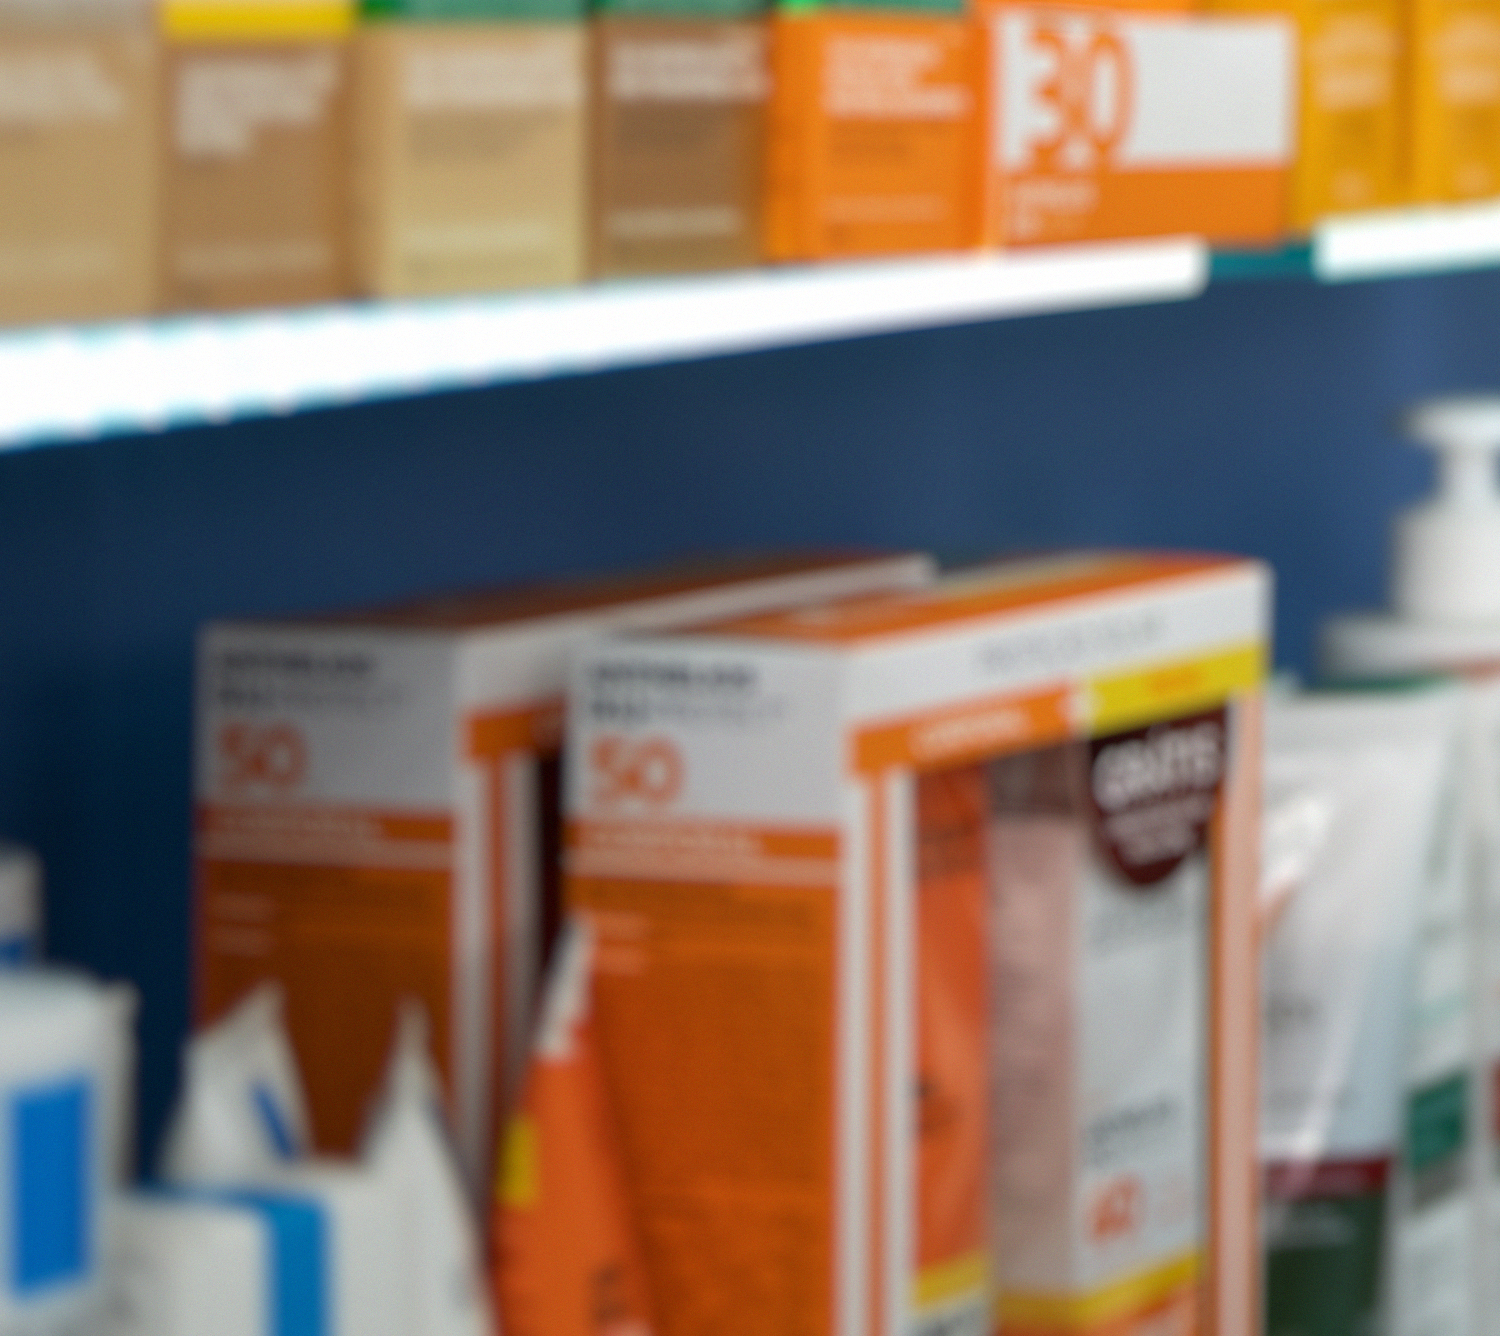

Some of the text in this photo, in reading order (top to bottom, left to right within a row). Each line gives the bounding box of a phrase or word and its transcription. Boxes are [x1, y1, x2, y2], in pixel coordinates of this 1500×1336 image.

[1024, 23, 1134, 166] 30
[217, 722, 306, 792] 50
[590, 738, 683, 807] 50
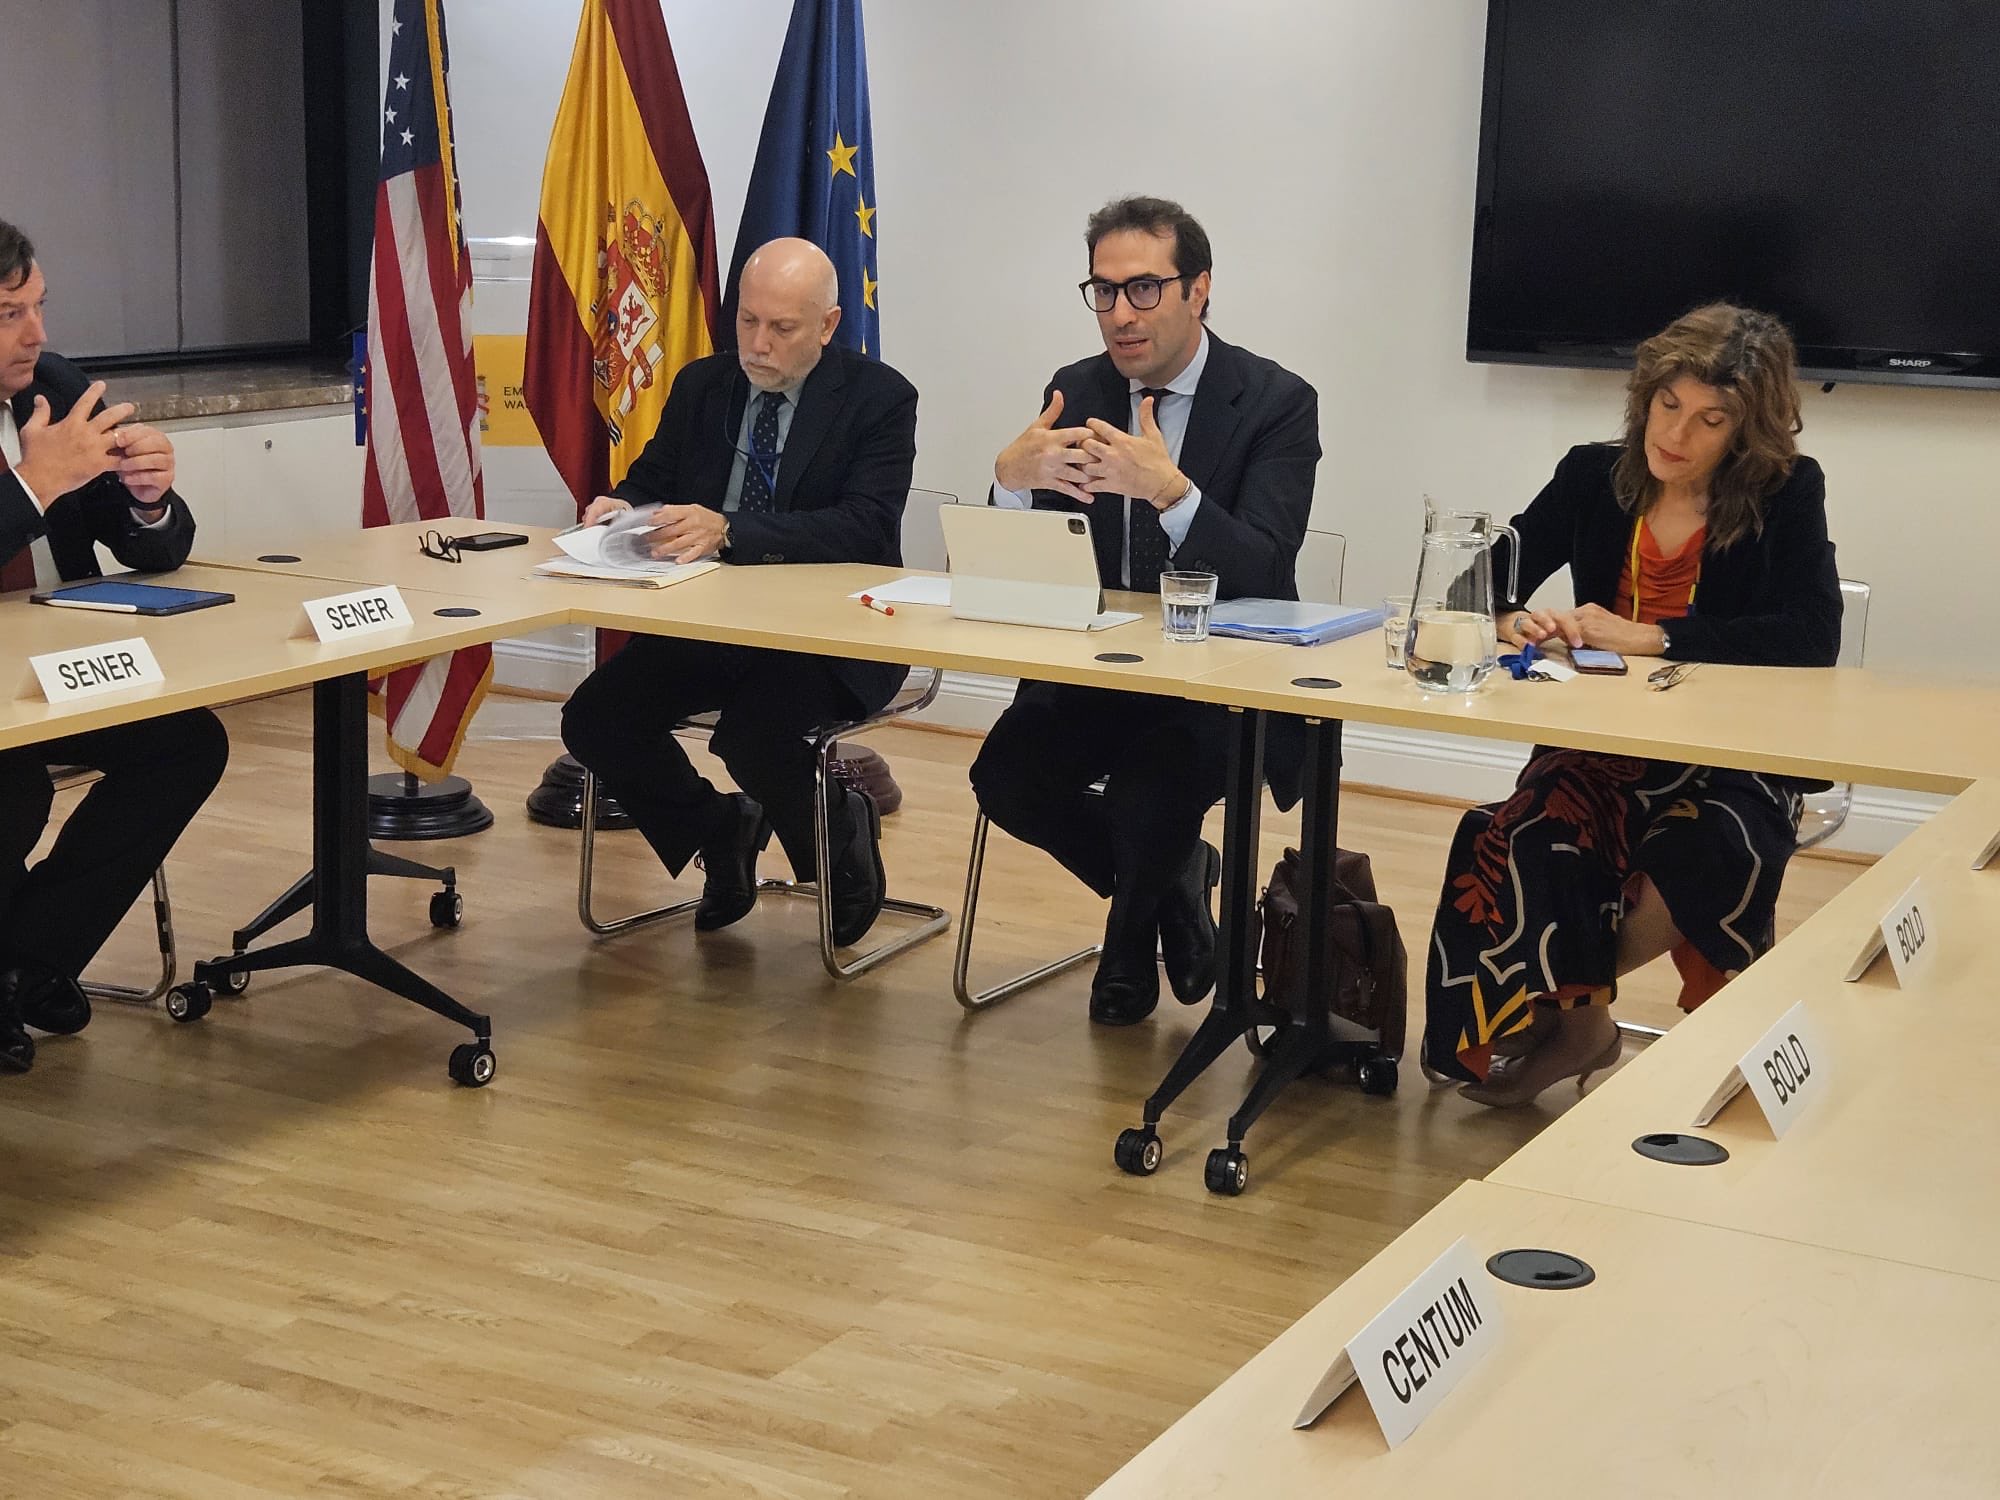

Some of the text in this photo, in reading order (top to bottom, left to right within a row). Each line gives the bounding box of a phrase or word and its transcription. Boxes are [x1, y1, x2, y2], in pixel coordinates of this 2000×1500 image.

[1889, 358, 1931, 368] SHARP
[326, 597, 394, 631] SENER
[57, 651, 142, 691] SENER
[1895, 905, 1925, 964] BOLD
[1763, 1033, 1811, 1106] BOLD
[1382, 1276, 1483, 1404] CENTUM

Assigned task: Go through the entries above and print each one exactly, minus the pictures.

Problem solution:
Some of the text in this photo, in reading order (top to bottom, left to right within a row). Each line gives the bounding box of a phrase or word and its transcription. Boxes are [x1, y1, x2, y2], in pixel coordinates of this 1500×1336 image.

[1024, 23, 1134, 166] 30
[217, 722, 306, 792] 50
[590, 738, 683, 807] 50

Some of the text in this photo, in reading order (top to bottom, left to right within a row). Each line gives the bounding box of a phrase or word and its transcription. Boxes are [x1, y1, x2, y2], in pixel coordinates of this 2000×1500 image.

[1889, 358, 1931, 368] SHARP
[326, 597, 394, 631] SENER
[57, 651, 142, 691] SENER
[1895, 905, 1925, 964] BOLD
[1763, 1033, 1811, 1106] BOLD
[1382, 1276, 1483, 1404] CENTUM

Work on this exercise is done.